If you will Google it a bit there are many complains for this issue: why the colors on my photo uploaded to some website are not so vibrant as on my laptop/desktop?!? The answer is pretty simple: mismatched color profile.
A bit of technical background (let's take jpeg image format and sRGB color space as most used): the ColorProfile is embedded as text (aka metadata) string in you jpeg file. And it will not touch any image pixel data stored in jpeg. In ideal world your hardware and software (say operating system, display, video card, browser, printer etc) should read and obey it to give your image the colors according to embedded metadata. But unfortunately it is not yet so despite ICC standards are available for many years.
Here is a simulated example:
Regarding web image publishing there will be two major faults:
#1 The web browser. Currently only Apple's Safari or others based on WebKit (say Google's Chrome) and Firefox 3 (supposedly) will read this metadata to show image with right colors. Internet Explorer will ignore it usually giving slightly dimmer colors. But #2 may destroy it all anyway.
#2 The website image handling engine. The most common PHP GD library would just remove this metadata from the image on any processing (resize, thumbnail creation, etc). The other quite widespread image processing library - ImageMagic would gives better results usually, with perfect ColorProfile handling, but it should be properly configured to do so, which is a rare thing.
Not the best ever technologically speaking, but a simple solution to make your web images look better: Convert (not re/assign) your sRGB color profile to RGB (or Generic RGB) before you add the image to your website. The process will exactly (re)render the whole image with new pixel color values vs just adding metadata to the picture. Not so good solution for the perfect world, but works quite all right for the real one.
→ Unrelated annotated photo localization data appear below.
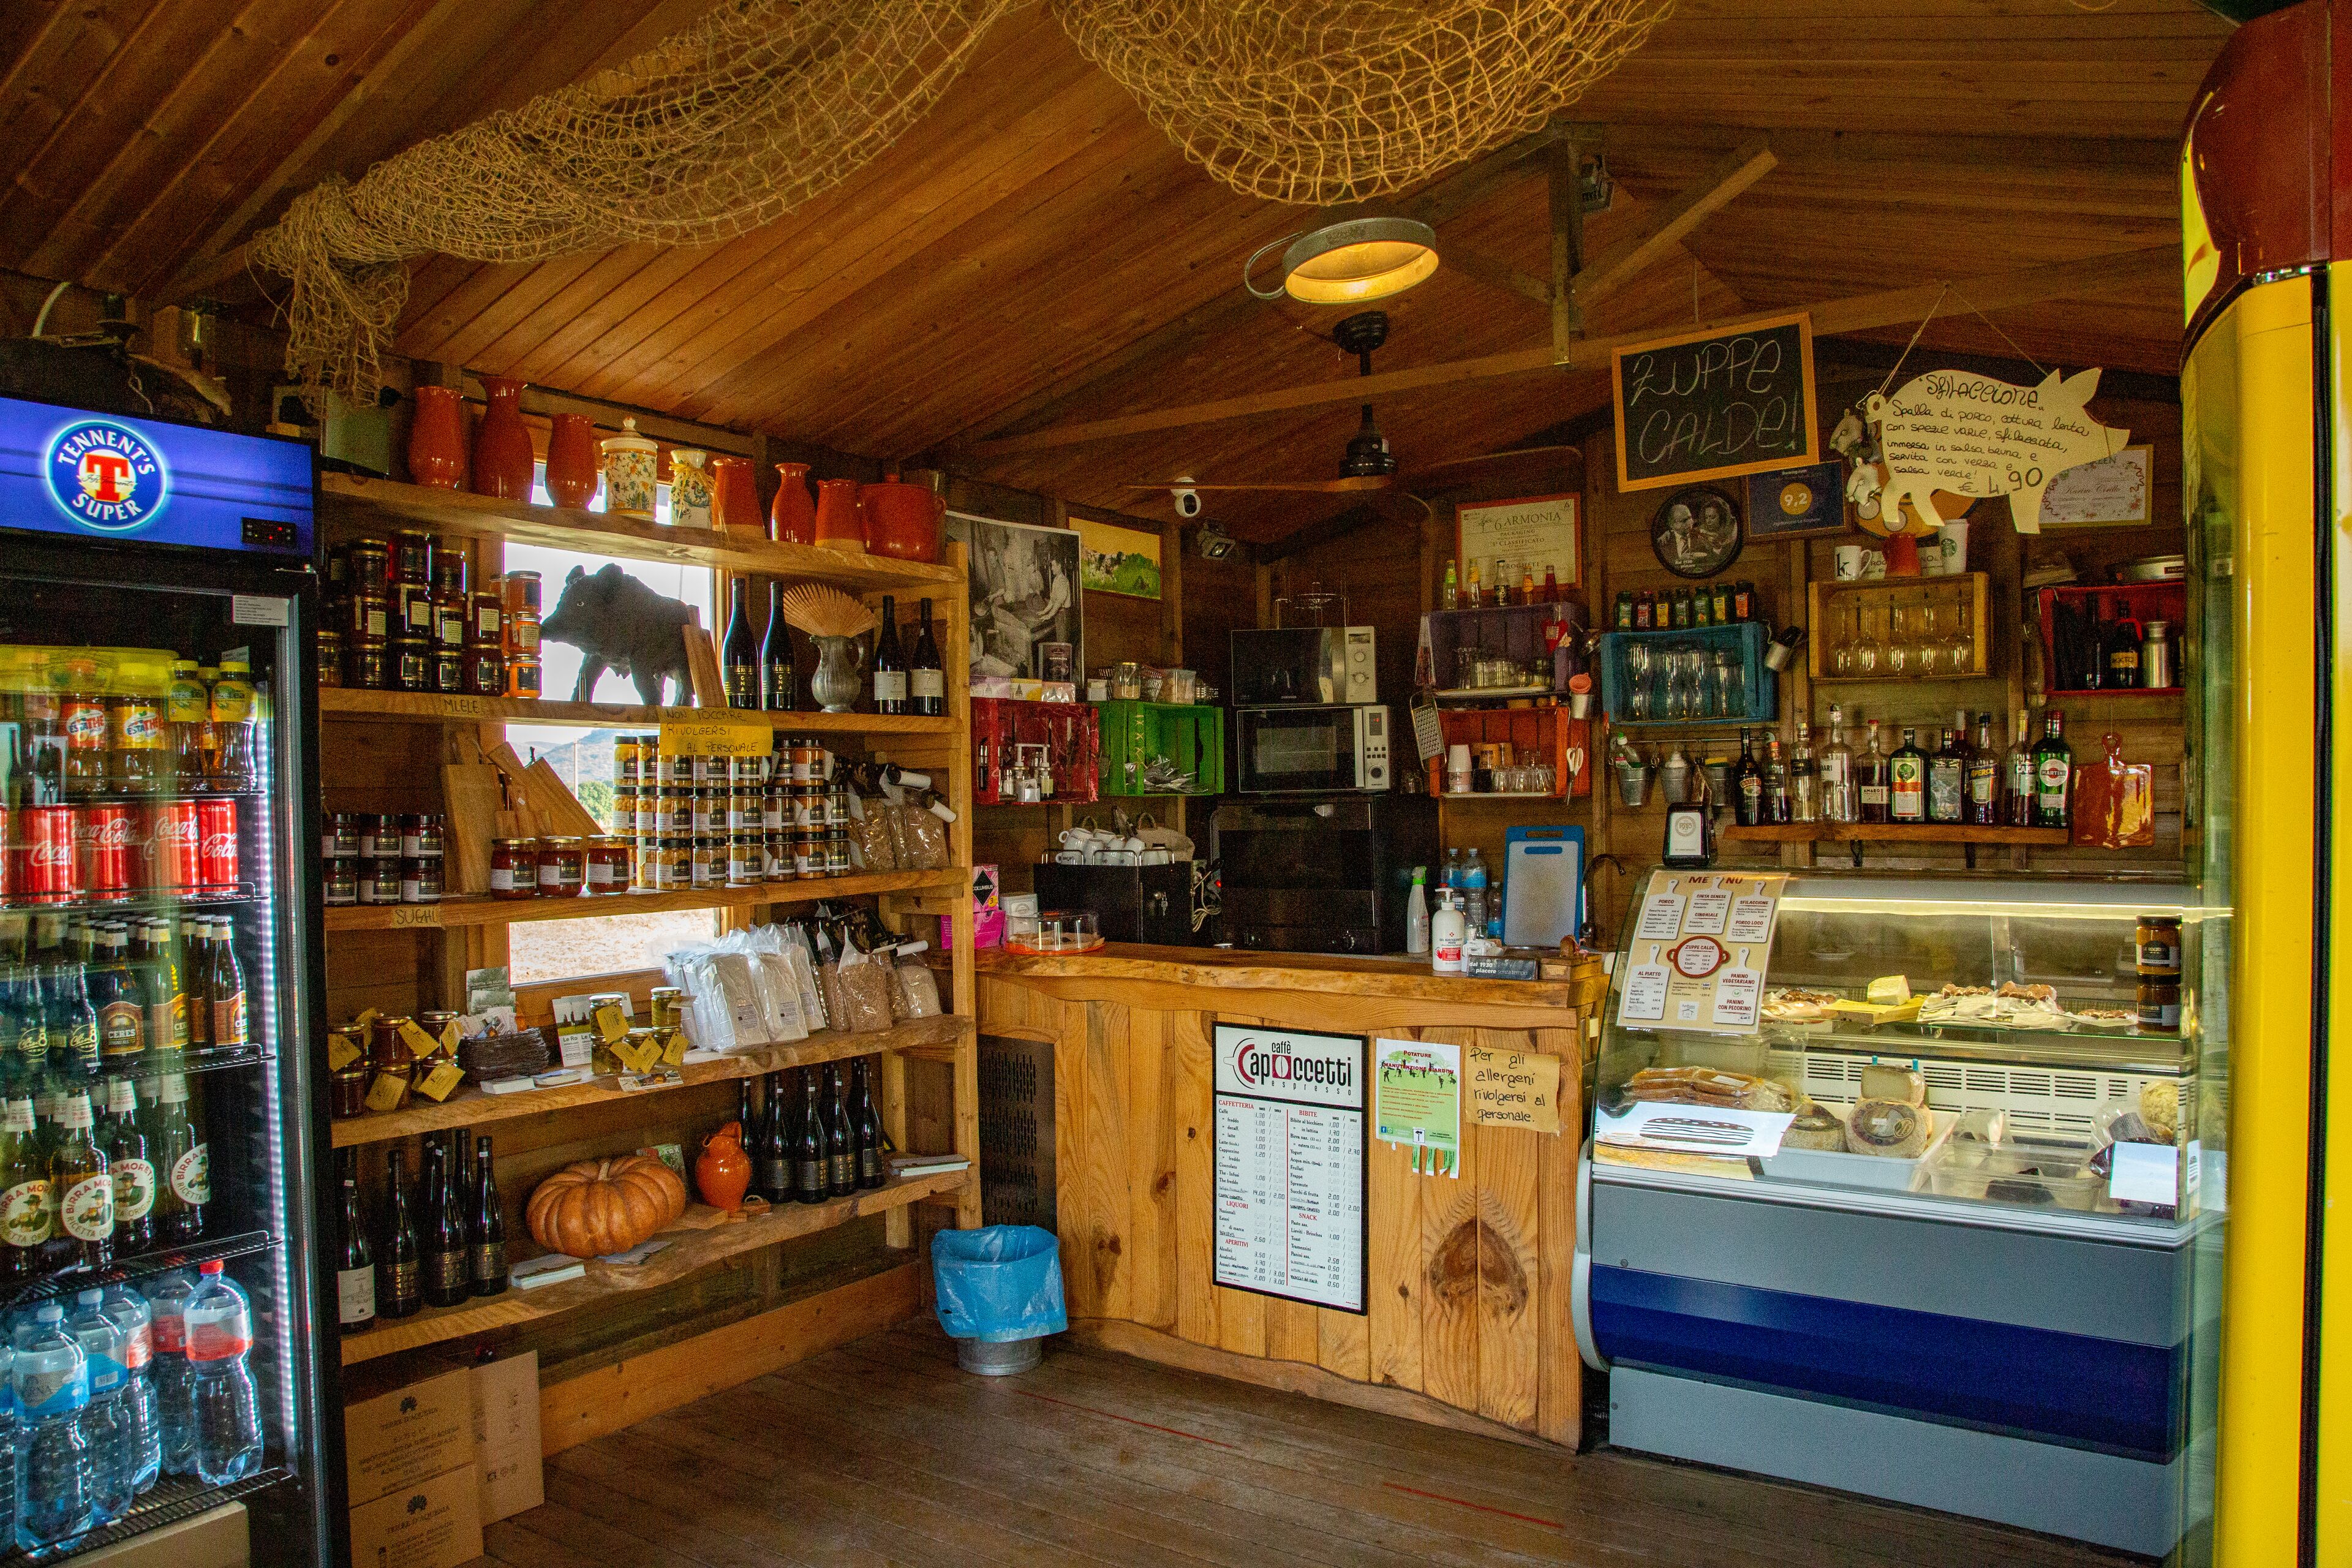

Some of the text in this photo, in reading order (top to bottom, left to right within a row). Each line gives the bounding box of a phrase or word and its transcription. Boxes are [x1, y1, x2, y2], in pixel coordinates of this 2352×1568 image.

[1941, 407, 1954, 418] di
[1886, 423, 1905, 432] con
[58, 429, 156, 475] TENNENT'S
[1935, 443, 1947, 453] in
[1950, 442, 1986, 454] salsa
[1936, 456, 1957, 465] con
[1893, 465, 1930, 476] salsa
[72, 493, 143, 521] SUPER
[666, 709, 747, 722] NON TOCCARE
[666, 722, 731, 736] RIVOLGERSI
[687, 741, 759, 752] AL PERSONALE
[1476, 968, 1497, 976] piacere
[107, 1028, 135, 1039] CERES
[1272, 1040, 1292, 1055] caffè
[1470, 1047, 1526, 1069] Per gli
[1475, 1069, 1536, 1088] allergeni
[1474, 1088, 1546, 1107] rivolgersi al
[1218, 1099, 1254, 1109] CAFFETTERIA
[1298, 1109, 1318, 1118] BIBITE
[176, 1153, 199, 1180] BIRRA
[65, 1185, 91, 1214] BIRRA
[1226, 1200, 1249, 1210] LIQUORI
[1298, 1212, 1318, 1221] SNACK
[1306, 1229, 1323, 1238] Brioches
[1225, 1238, 1249, 1248] APERITIVI
[1291, 1243, 1312, 1252] Tramezzini
The Mac way is easy. ColorSync Utility supplied with any OSX can do it just fine. Couple that with Automator and you have batch utility co convert a few images at once. Unrelated small problem here: Automator may hang up f you try to process 1000-ish item folder. It looks like Automator issue in general. So spread your images to less then say 800 images folders before processing.
You can download Automator workflow from my github project page or create your own.
And of course this workflow release under GPL.
Great info.
I have uploaded some pictures on a website but were not looking as like I see them on my laptop. I actually didn't know yet that it's all happening because of mismatched color profile.
Thanks for providing this useful information here.
It's very useful. Sometimes I i just try not to loose my mind during my work with webpages. Colors of images must fit to rest :-)
Andy,
This is quite an annoying issue. Thanks for your post it explains a fair bit.